Assigned task: Print the entries verbatim, leaving out the images they contain.

Records drawn from a dataset
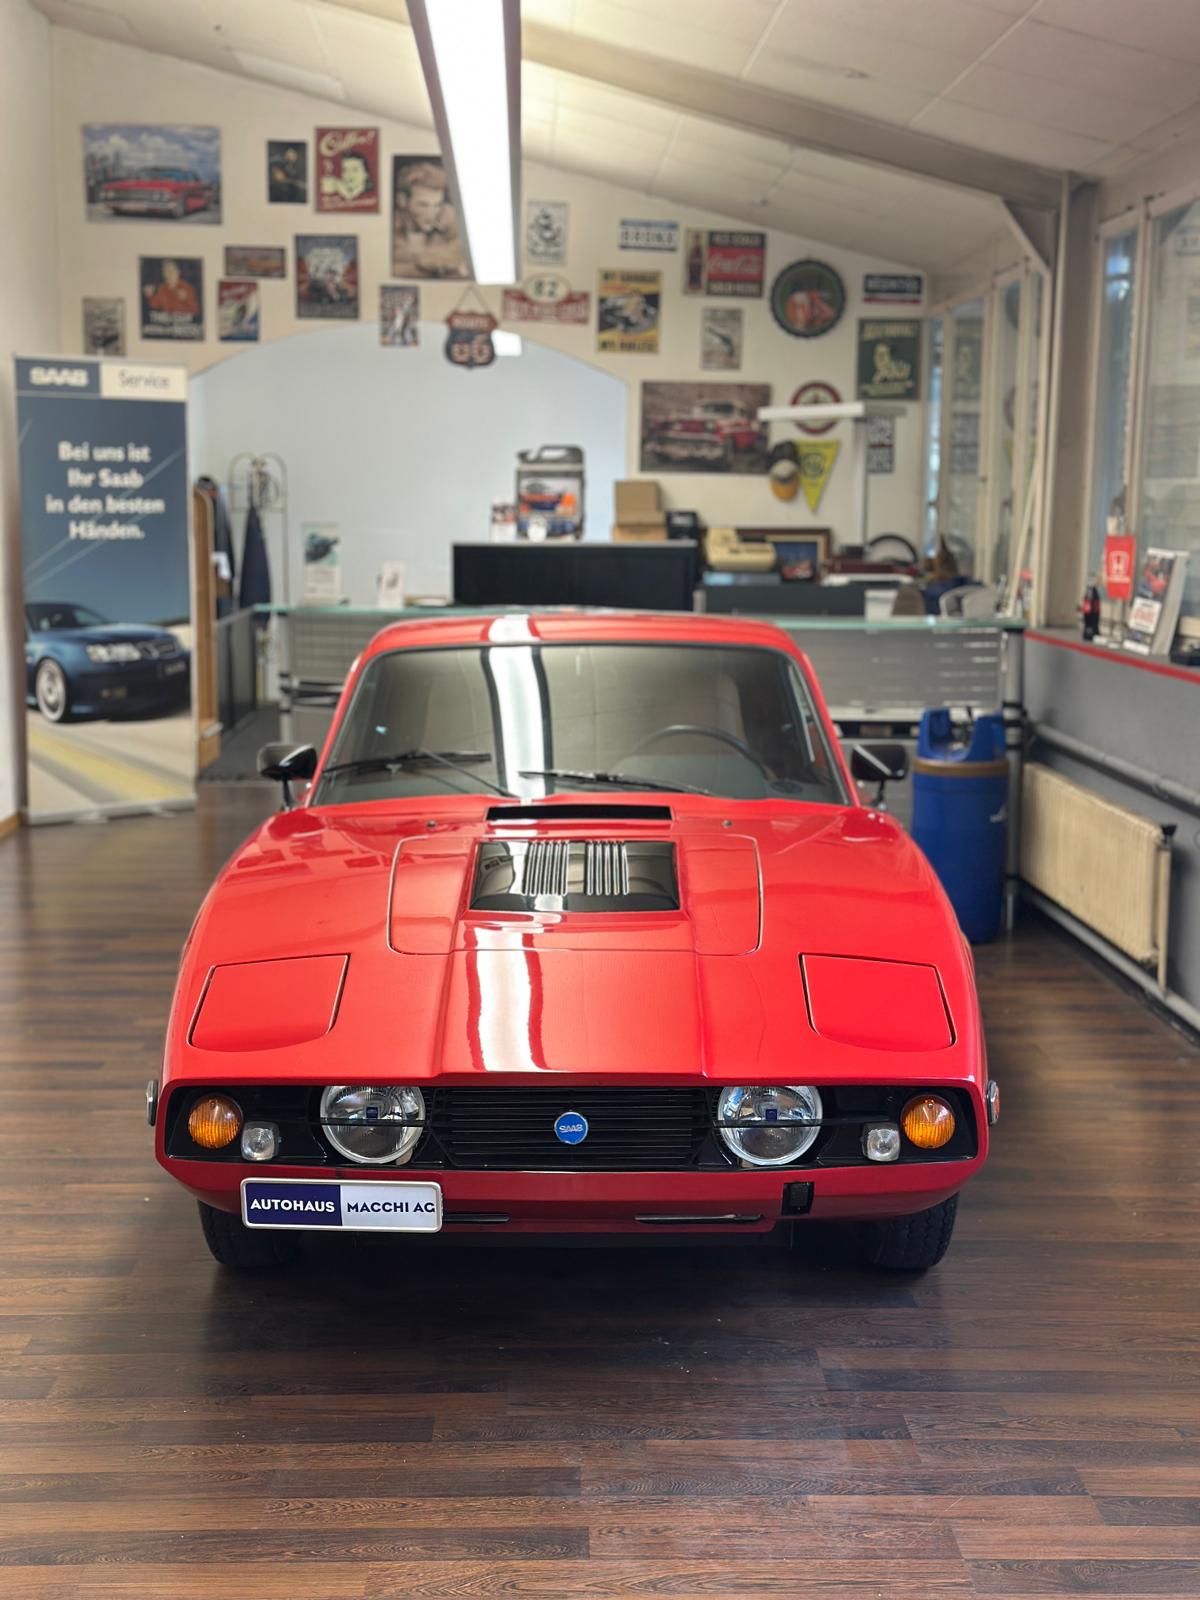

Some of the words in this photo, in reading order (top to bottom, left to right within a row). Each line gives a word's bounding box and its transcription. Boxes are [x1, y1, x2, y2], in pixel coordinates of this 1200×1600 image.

[118, 369, 170, 389] Service
[58, 441, 89, 461] Bei
[93, 446, 124, 462] uns
[127, 443, 151, 462] ist
[67, 468, 95, 487] Ihr
[99, 468, 144, 488] Saab
[46, 494, 64, 513] in
[68, 495, 102, 513] den
[105, 494, 165, 513] besten
[69, 520, 145, 539] Händen.
[251, 1199, 335, 1213] AUTOHAUS
[347, 1202, 409, 1213] MACCHI
[413, 1202, 436, 1213] AG

Output for this exercise:
Some of the words in this photo, in reading order (top to bottom, left to right within a row). Each line gives a word's bounding box and its transcription. Boxes are [x1, y1, x2, y2], in pixel coordinates of this 1200×1600 image.

[118, 369, 170, 389] Service
[58, 441, 89, 461] Bei
[93, 446, 124, 462] uns
[127, 443, 151, 462] ist
[67, 468, 95, 487] Ihr
[99, 468, 144, 488] Saab
[46, 494, 64, 513] in
[68, 495, 102, 513] den
[105, 494, 165, 513] besten
[69, 520, 145, 539] Händen.
[251, 1199, 335, 1213] AUTOHAUS
[347, 1202, 409, 1213] MACCHI
[413, 1202, 436, 1213] AG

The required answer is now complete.